Centrelink will release its $560,000 smart card identification protocol for free in an attempt to buy-back security systems based on the technology.
The welfare agency claims the Protocol for Lightweight Authentication of ID (PLAID) has withstood three years of design and testing by Centrelink, the Australian Defence Signals Directorate and the US National Institute of Standards and Technology without fault.
Centrelink, which has one of the country's most advanced physical and logical converged security systems, will use the protocol in its incoming fleet of contactless smartcards currently under trial by staff. These will replace the existing identity cards that operate on PKI encryption. The agency designed its converged security system with Novell to allow staff to access doors and computers with a single centrally-managed identity card, and user identities can be automatically updated as employees leave, are recruited or move to new departments.
Minister for Human Services senator Joe Ludwig said the PLAID will fill vulnerabilities in Centrelink's converged security which have previously been vulnerable to hackers.
“Until now, existing technology in this field has been at risk of breach by hackers,” Ludwig said in a statement.
“But PLAID will prevent the cracking of authentication systems and foil the cloning of smartcards and other system-access devices.”
Centrelink hopes the protocol will be adopted across government.
The agency has about 26,000 employees and administers more than $70 billion in payments and services to some 6.5 million customers each year.
Centrelink documents reported the hackers cannot break the PLAID protocol because it uses two cryptographic algorithms in its scrambling process in rapid succession — typically less than a quarter of a second — whereas other systems use a single algorithm.

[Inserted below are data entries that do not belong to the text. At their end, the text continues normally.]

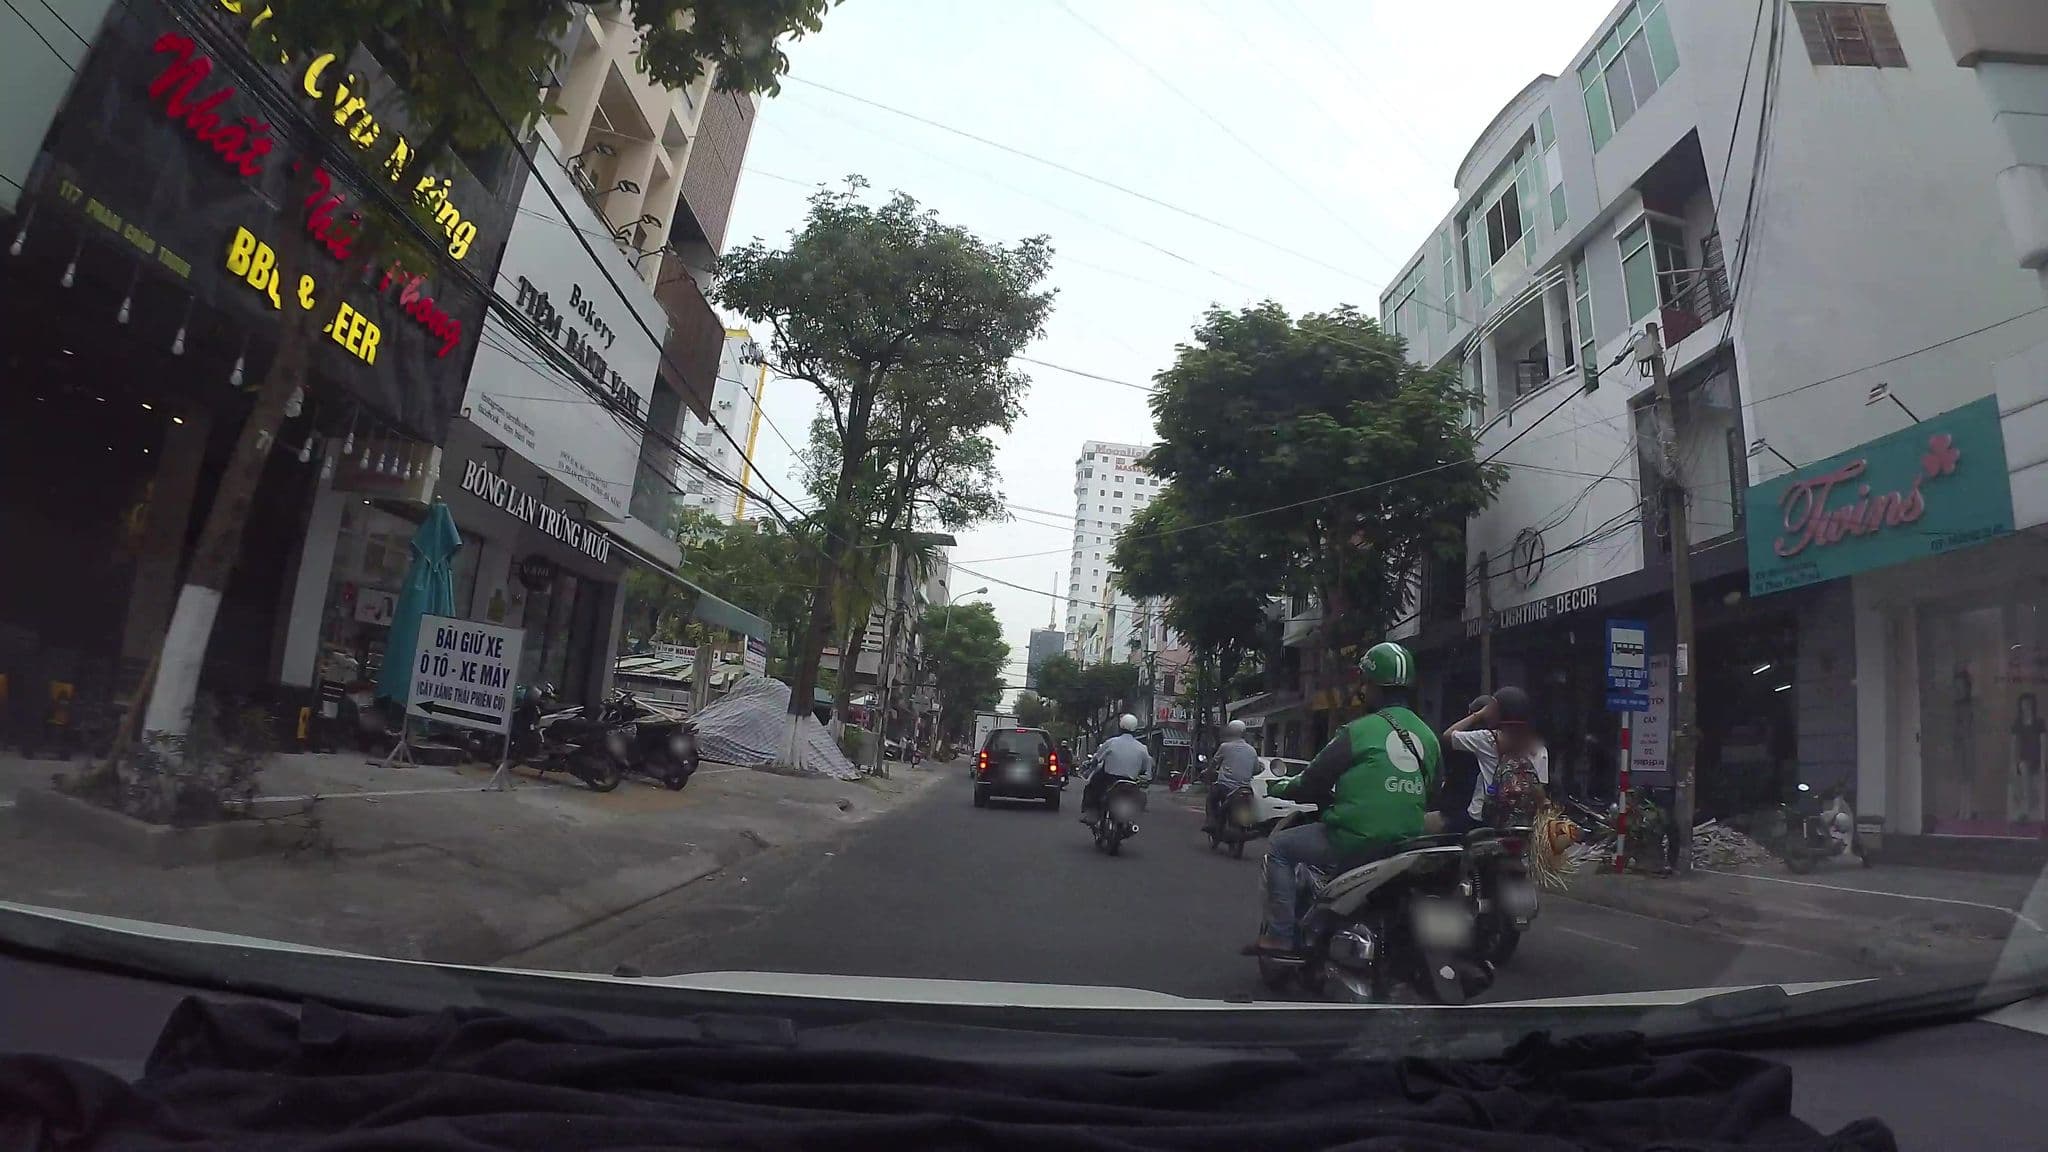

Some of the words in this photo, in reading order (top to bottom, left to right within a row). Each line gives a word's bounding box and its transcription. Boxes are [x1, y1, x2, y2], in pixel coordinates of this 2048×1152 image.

[297, 274, 317, 311] &
[323, 302, 382, 366] EER
[569, 283, 616, 350] Bakery
[461, 459, 507, 507] BÔNG
[505, 484, 537, 525] LAN
[538, 508, 581, 549] TRỨNG
[580, 531, 612, 564] MUỐI
[1774, 459, 1925, 558] Twins
[1499, 600, 1548, 629] LIGHTING
[1556, 586, 1597, 615] DECOR
[420, 649, 430, 674] Ô
[433, 652, 449, 678] TÔ
[460, 660, 478, 684] XE
[480, 662, 511, 689] MÁY
[435, 625, 458, 651] BÃI
[460, 630, 486, 655] GIỮ
[485, 635, 504, 659] XE
[1384, 775, 1425, 795] Grab

“PLACID is the only system that preserves the privacy of the cardholder from ID leakage. Other systems 'talk' from card to mainframe using easily captured personal information and unique identifiers in the ID-authentication process,” the documents reported.
Centrelink claims hackers cannot read query data between the terminals and smartcards even if it is intercepted because of the scrambling feature.
The protocol will be available on www.govdex.gov.au.